* Instructions for the task: Write out the entries below once more, exactly, with the pictures left out.

Content starts

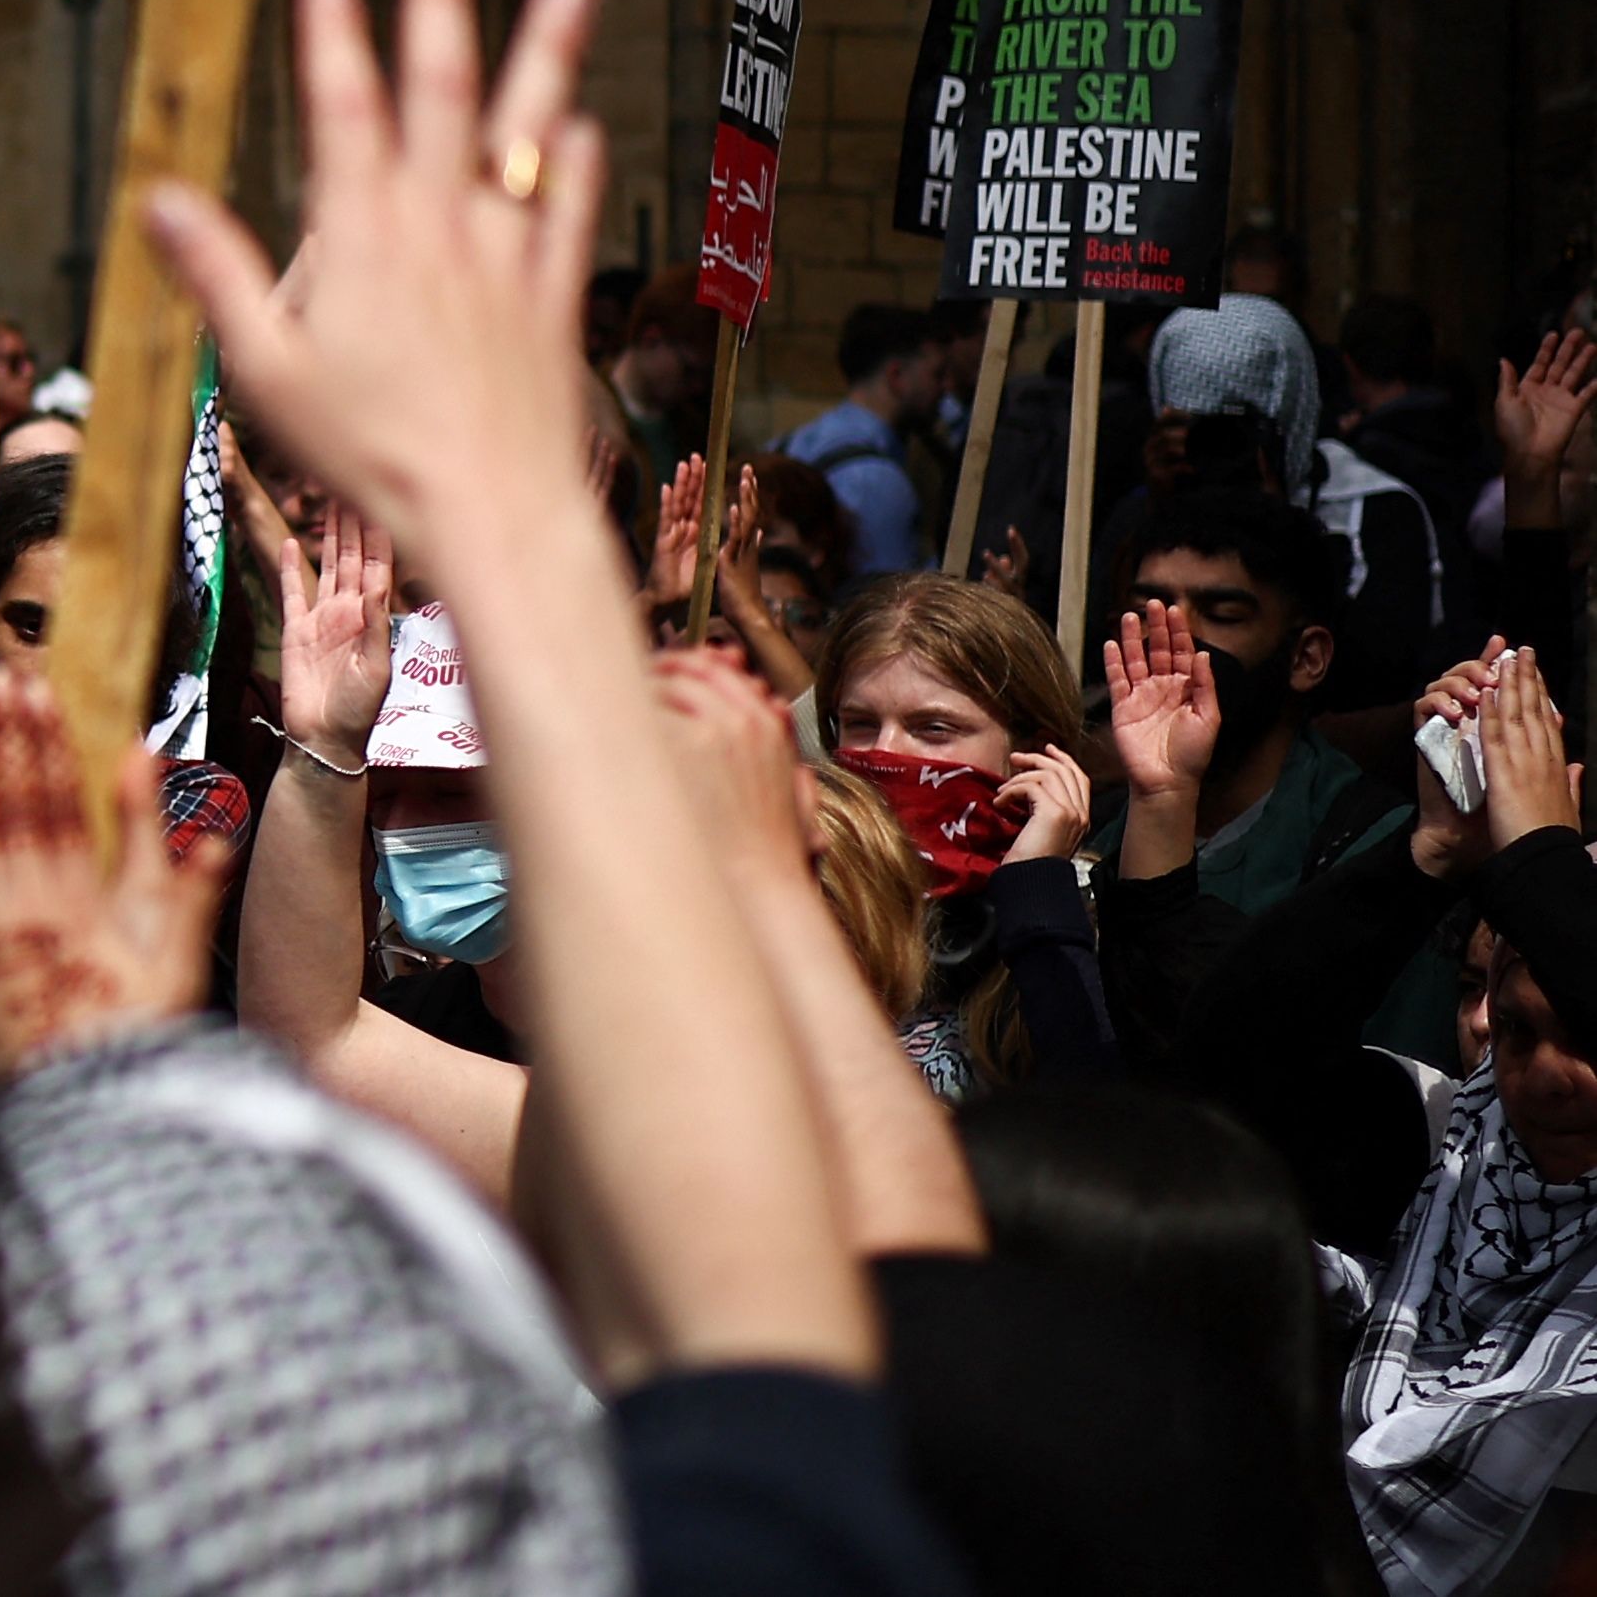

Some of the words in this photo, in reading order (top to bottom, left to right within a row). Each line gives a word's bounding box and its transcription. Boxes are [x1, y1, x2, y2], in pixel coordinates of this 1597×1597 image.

[995, 19, 1108, 72] RIVER
[1124, 19, 1176, 71] TO
[992, 74, 1062, 126] THE
[1075, 75, 1151, 124] SEA
[981, 127, 1200, 182] PALESTINE
[977, 183, 1070, 234] WILL
[1084, 183, 1140, 235] BE
[968, 236, 1070, 288] FREE
[1085, 240, 1133, 262] Back
[1138, 242, 1170, 265] the
[1082, 266, 1185, 294] resistance
[374, 742, 420, 761] TORIES

Content ends

* Written answer:
Some of the words in this photo, in reading order (top to bottom, left to right within a row). Each line gives a word's bounding box and its transcription. Boxes are [x1, y1, x2, y2], in pixel coordinates of this 1597×1597 image.

[995, 19, 1108, 72] RIVER
[1124, 19, 1176, 71] TO
[992, 74, 1062, 126] THE
[1075, 75, 1151, 124] SEA
[981, 127, 1200, 182] PALESTINE
[977, 183, 1070, 234] WILL
[1084, 183, 1140, 235] BE
[968, 236, 1070, 288] FREE
[1085, 240, 1133, 262] Back
[1138, 242, 1170, 265] the
[1082, 266, 1185, 294] resistance
[374, 742, 420, 761] TORIES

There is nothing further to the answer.